TMEM63A inhibitors comprise a diverse array of chemical compounds that hinder the functional activity of TMEM63A through their influence on calcium signaling and homeostasis. Verapamil and diltiazem, as calcium channel blockers, reduce calcium entry into the cell, which can disrupt the internal calcium balance and consequently impact the functionality of TMEM63A, which is closely associated with calcium regulation. Similarly, 2-APB and thapsigargin target the endoplasmic reticulum's ability to store and release calcium, while ryanodine modifies ryanodine receptors, all of which are actions that can lead to alterations in calcium dynamics within the cell and subsequently diminish the activity of TMEM63A. SK&F 96365, by inhibiting receptor-mediated calcium entry and store-operated calcium channels, reduces intracellular calcium levels, further indirectly inhibiting TMEM63A activity. Gadolinium chloride and ruthenium red, known for their roles in blocking mechanosensitive and various calcium channels respectively, can also interfere with the activity of TMEM63A, potentially due to its mechanosensitive properties.

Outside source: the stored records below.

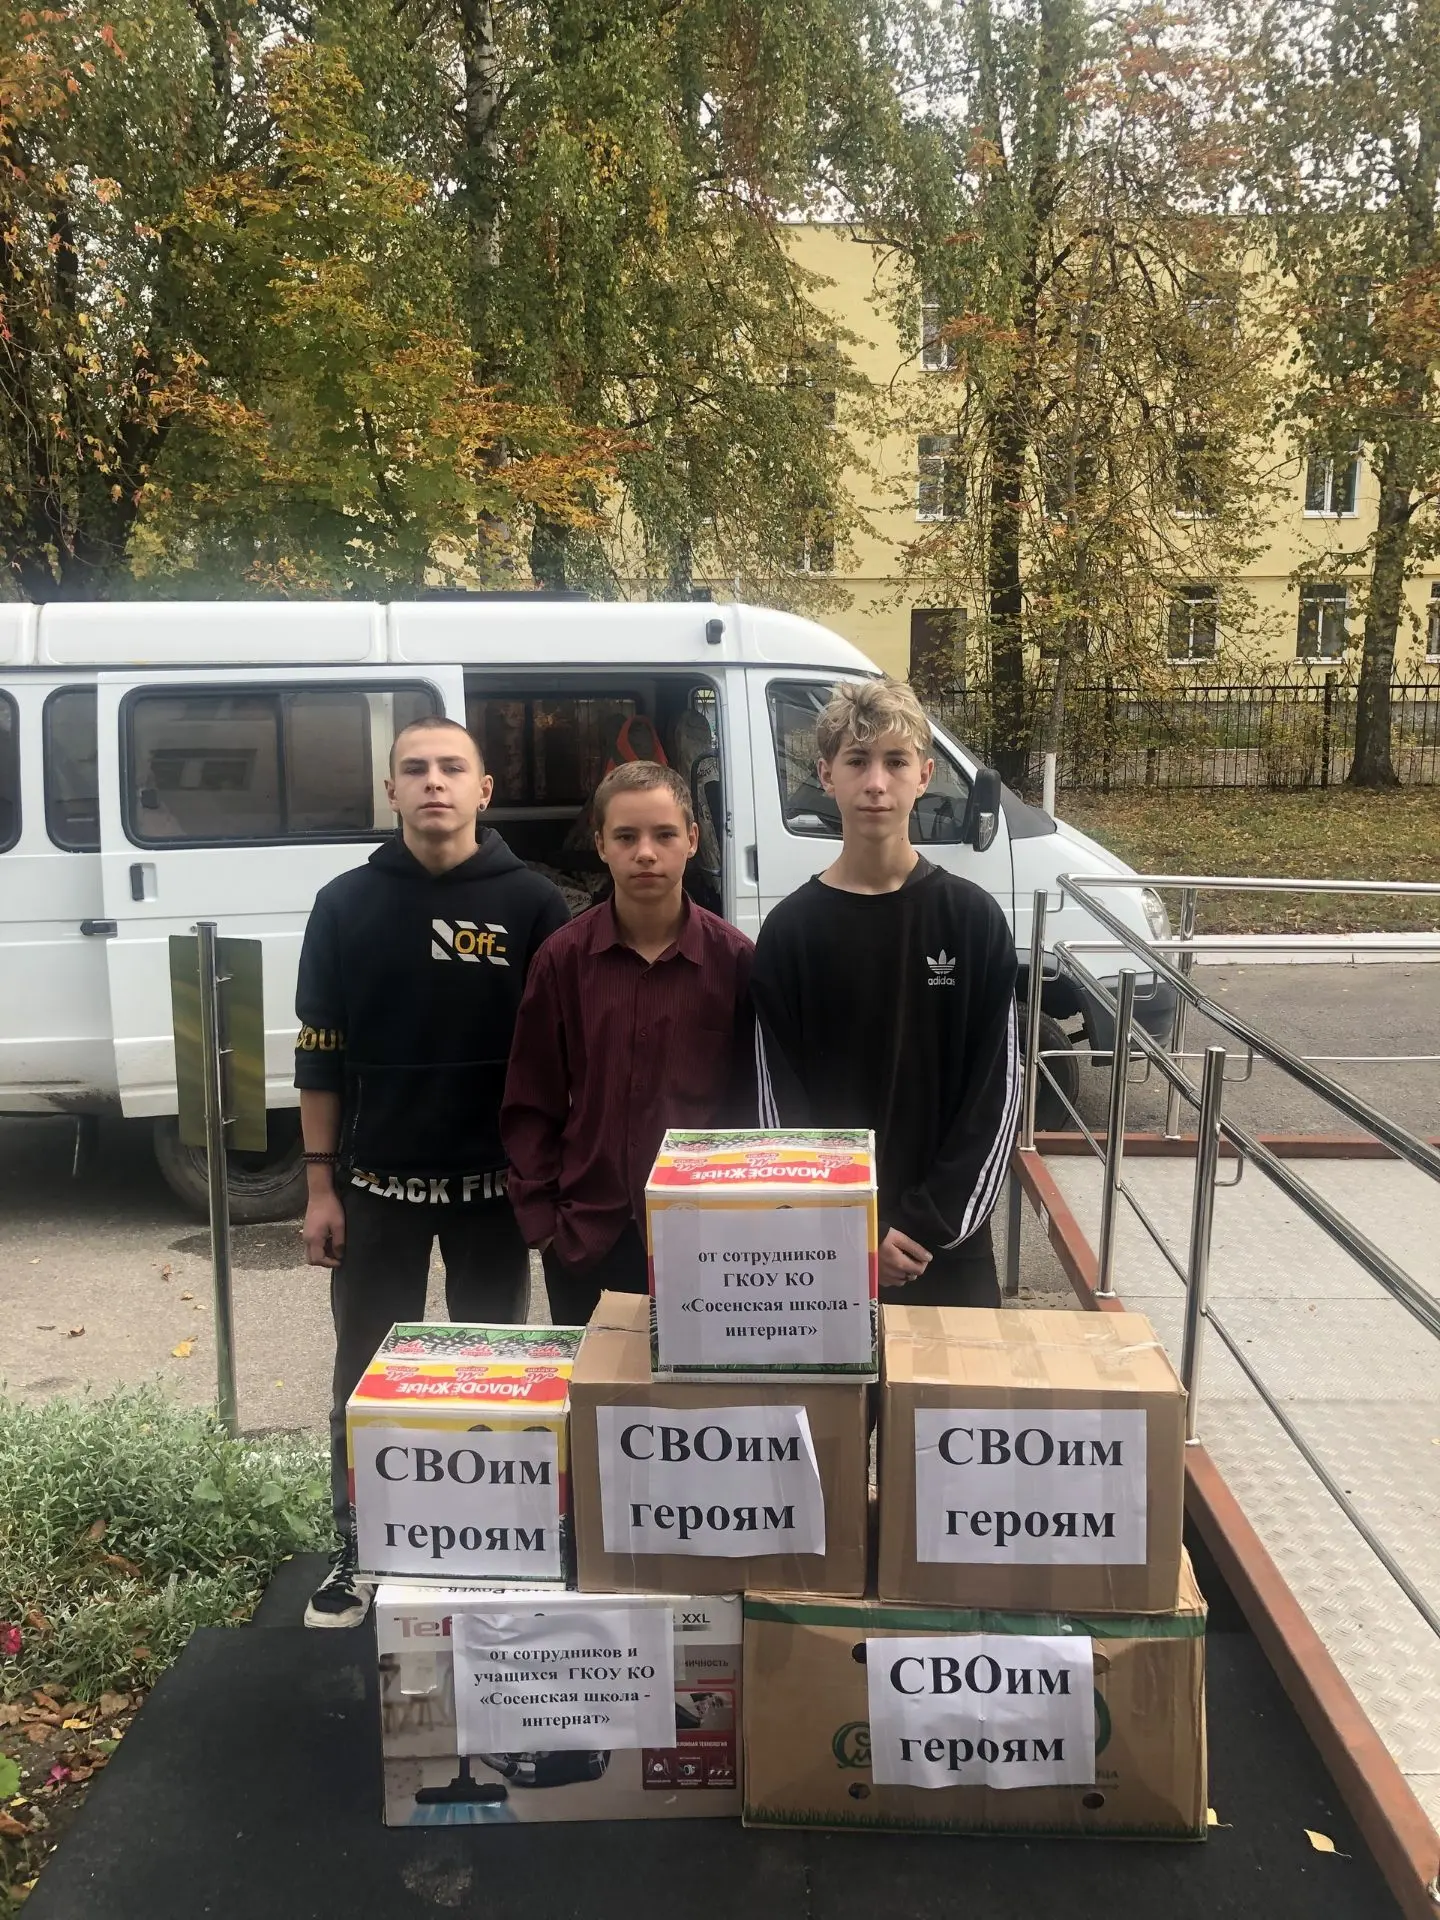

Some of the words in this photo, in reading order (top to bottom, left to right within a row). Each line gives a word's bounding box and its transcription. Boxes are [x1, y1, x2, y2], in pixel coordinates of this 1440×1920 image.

[455, 930, 507, 956] Off-
[927, 975, 956, 986] adidas
[698, 1252, 717, 1263] от
[722, 1249, 837, 1266] сотрудников
[723, 1272, 779, 1288] ГКОУ
[785, 1271, 815, 1287] КО
[681, 1298, 783, 1313] «Сосенская
[789, 1299, 848, 1312] школа
[725, 1325, 818, 1341] интернат»
[620, 1423, 801, 1463] СВОим
[937, 1427, 1124, 1466] СВОим
[375, 1445, 552, 1486] СВОим
[629, 1503, 796, 1540] героям
[945, 1510, 1116, 1548] героям
[383, 1522, 547, 1559] героям
[682, 1612, 711, 1625] XXL
[488, 1651, 509, 1662] от
[513, 1648, 623, 1664] сотрудников
[627, 1647, 638, 1658] и
[474, 1671, 558, 1687] учащихся
[568, 1667, 622, 1681] ГКОУ
[627, 1665, 655, 1680] КО
[889, 1654, 1073, 1696] СВОим
[479, 1691, 579, 1706] «Сосенская
[584, 1691, 640, 1703] школа
[522, 1714, 611, 1730] интернат»
[899, 1737, 1065, 1772] героям
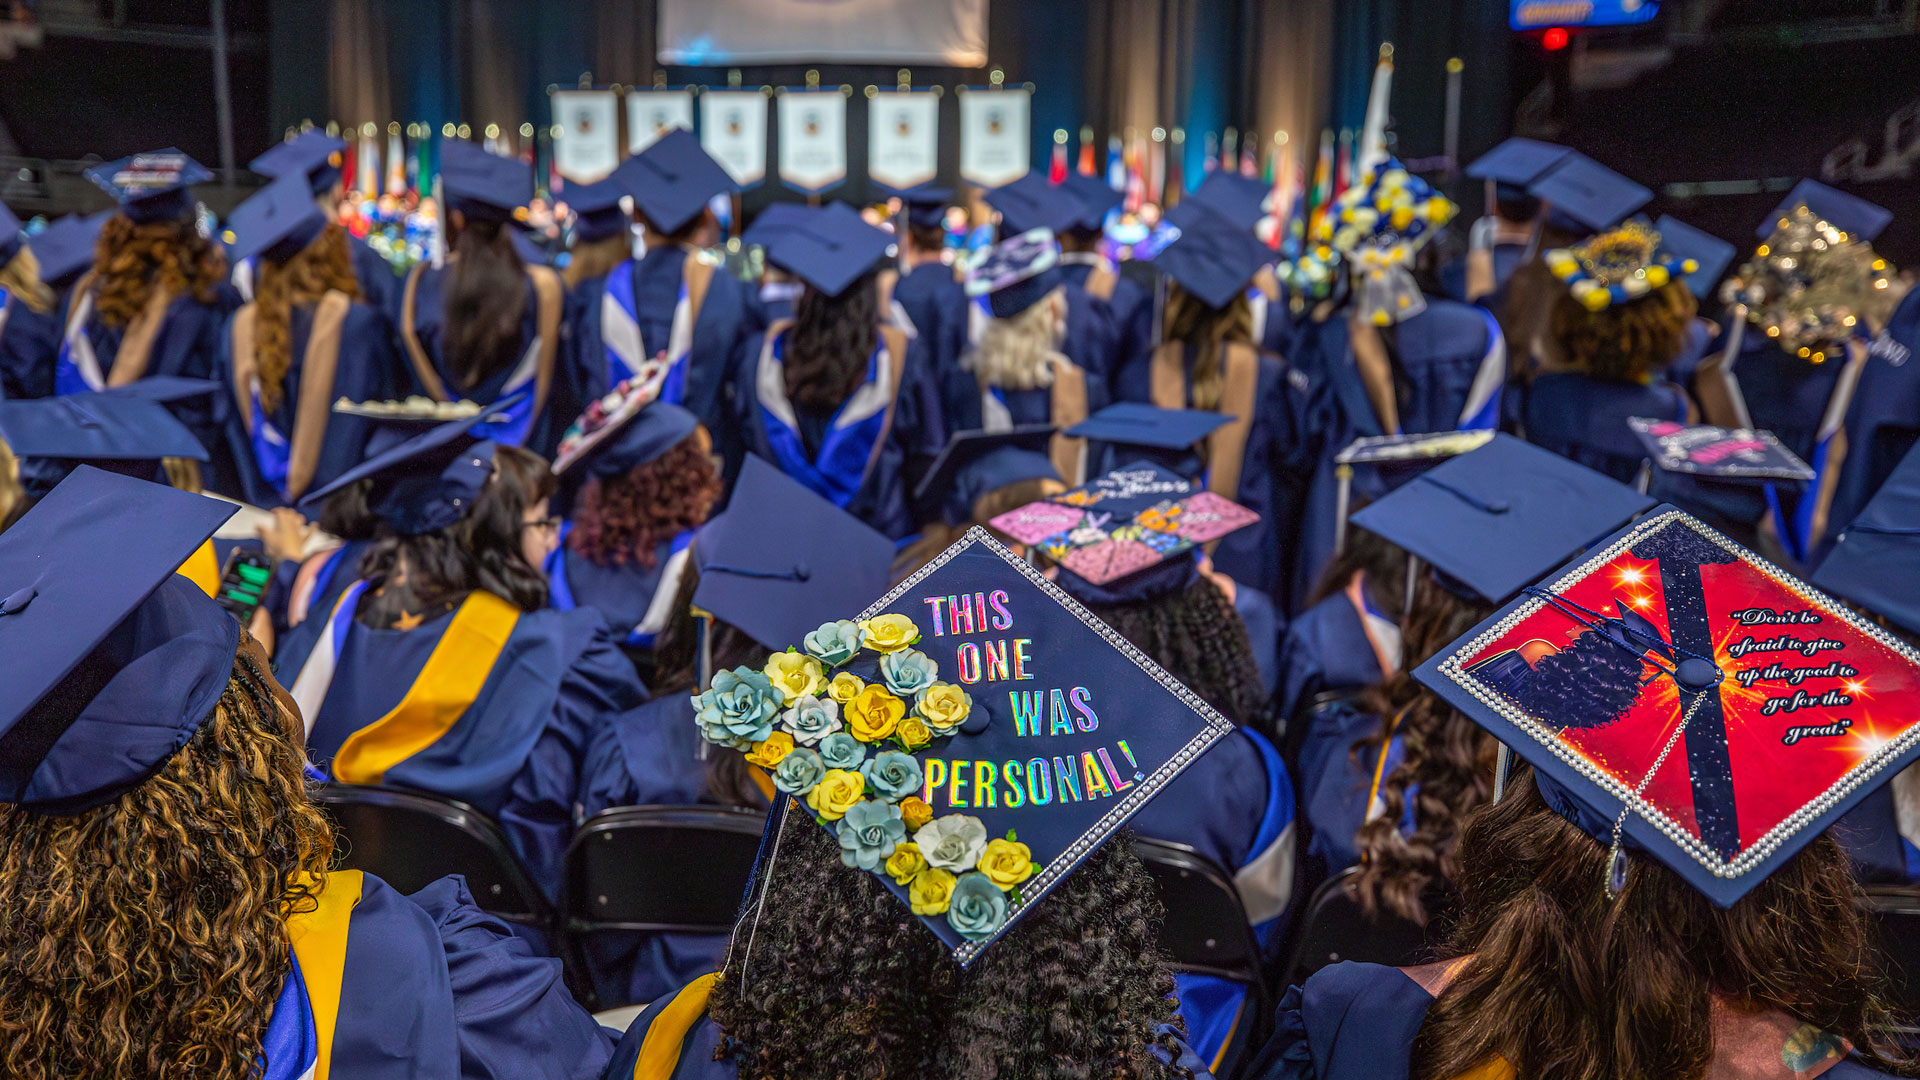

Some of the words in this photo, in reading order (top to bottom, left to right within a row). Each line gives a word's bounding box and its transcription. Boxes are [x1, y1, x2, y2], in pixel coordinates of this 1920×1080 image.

Continuing with this theme, nifedipine and amlodipine serve as dihydropyridine calcium channel blockers, which by limiting calcium influx, may indirectly suppress the activity of TMEM63A. The long-acting nature of amlodipine ensures sustained inhibition of calcium entry, providing a constant indirect inhibition of TMEM63A inhibitors. Carboxyeosin, by inhibiting plasma membrane Ca2+-ATPase, disrupts calcium extrusion and thus indirectly inhibits TMEM63A by affecting calcium balance within the cell. Bepridil, which has the unique ability to block both calcium and sodium channels, may further influence the ionic environment that TMEM63A is involved in maintaining, leading to its indirect inhibition. Collectively, these chemicals, through their targeted actions on calcium-related pathways and ion homeostasis, serve as inhibitors that can diminish the activity of TMEM63A without directly affecting its expression or function.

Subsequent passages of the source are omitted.